Asociația Sportivă Minerul Cavnic, commonly known as AS Minerul Cavnic or as Minerul Cavnic, was a Romanian football club based in Cavnic, Maramureș County, founded in 1934 and re-founded in 2001, just to be dissolved in 2017. During the 1970s and 1980s, financially supported by the mining industry, the club was a constant presence in the Divizia C and at its best, reached even the Divizia B.

History
The club was founded in 1934 and played, until 1971, in the county football leagues. At the end of the 1970–71 season, Minerul Cavnic won the promotion to Divizia C, the third tier of Romanian football.

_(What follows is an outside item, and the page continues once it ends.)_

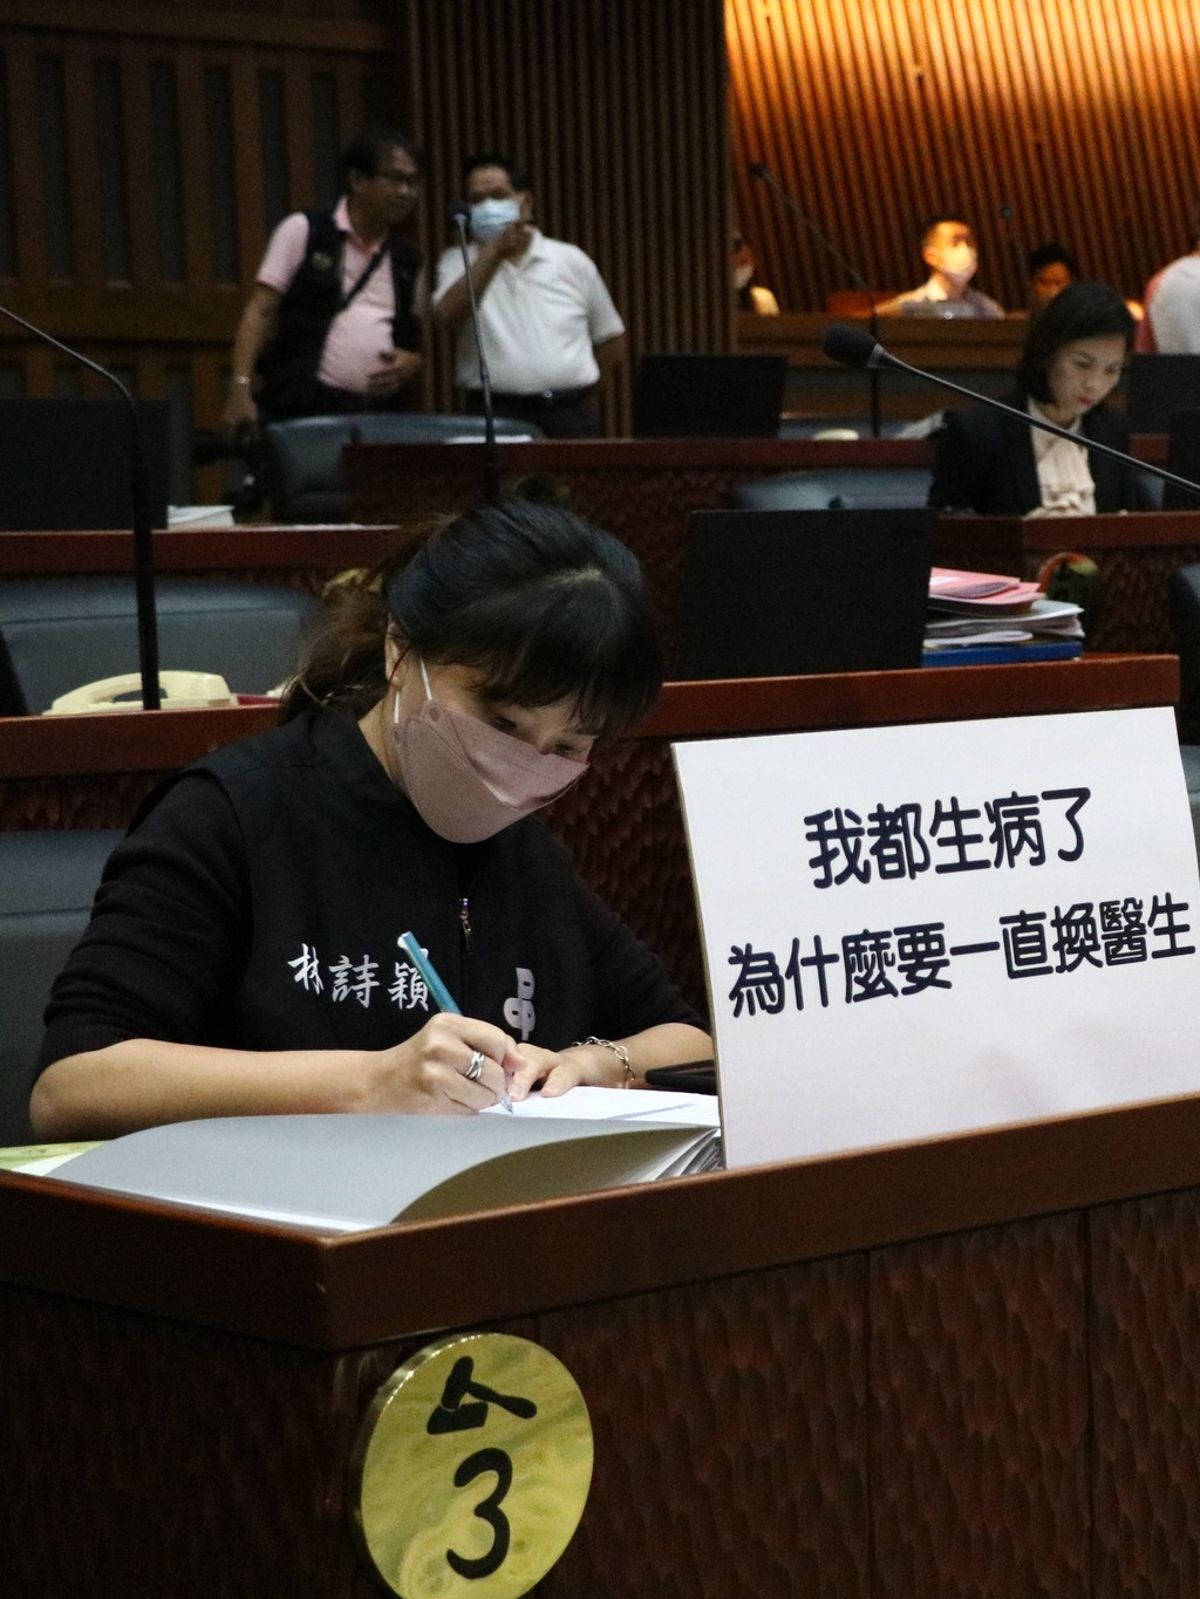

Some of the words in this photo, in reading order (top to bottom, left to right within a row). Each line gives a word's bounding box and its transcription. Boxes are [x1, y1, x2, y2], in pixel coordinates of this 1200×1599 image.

[803, 787, 1091, 889] 我都生病了
[727, 892, 1196, 1018] 為什麼要一直換醫生
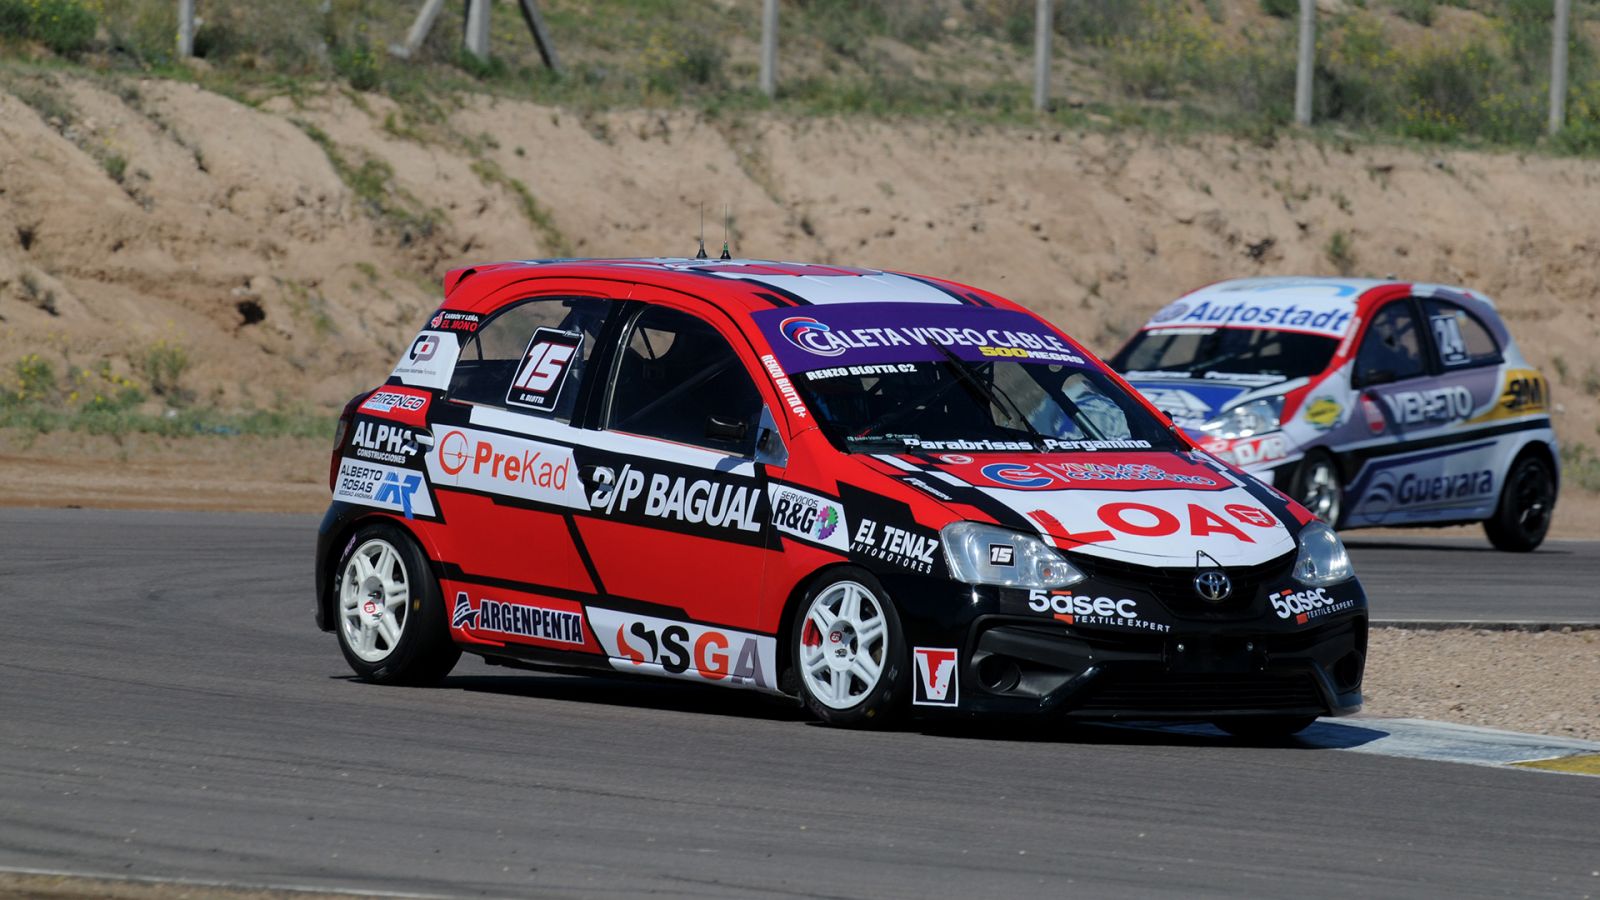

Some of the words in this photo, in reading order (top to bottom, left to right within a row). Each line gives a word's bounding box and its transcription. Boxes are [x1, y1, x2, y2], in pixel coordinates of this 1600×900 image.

After only two seasons, Minerul Cavnic gained the promotion to Divizia B, finishing the 1972–73 season on the second place, which assured a second division place in the next season. After relegating at the end of the season, Minerul won the promotion back in 1976, but relegated again.

The team established itself as a Divizia B regular after the 1977–78 season, when Minerul promoted for the third time in the second division and managed to avoid relegation back to Divizia C for the first time. After this third promotion, Minerul played nine consecutive editions in the second division, finishing two times on the sixth position, their all-time best performance.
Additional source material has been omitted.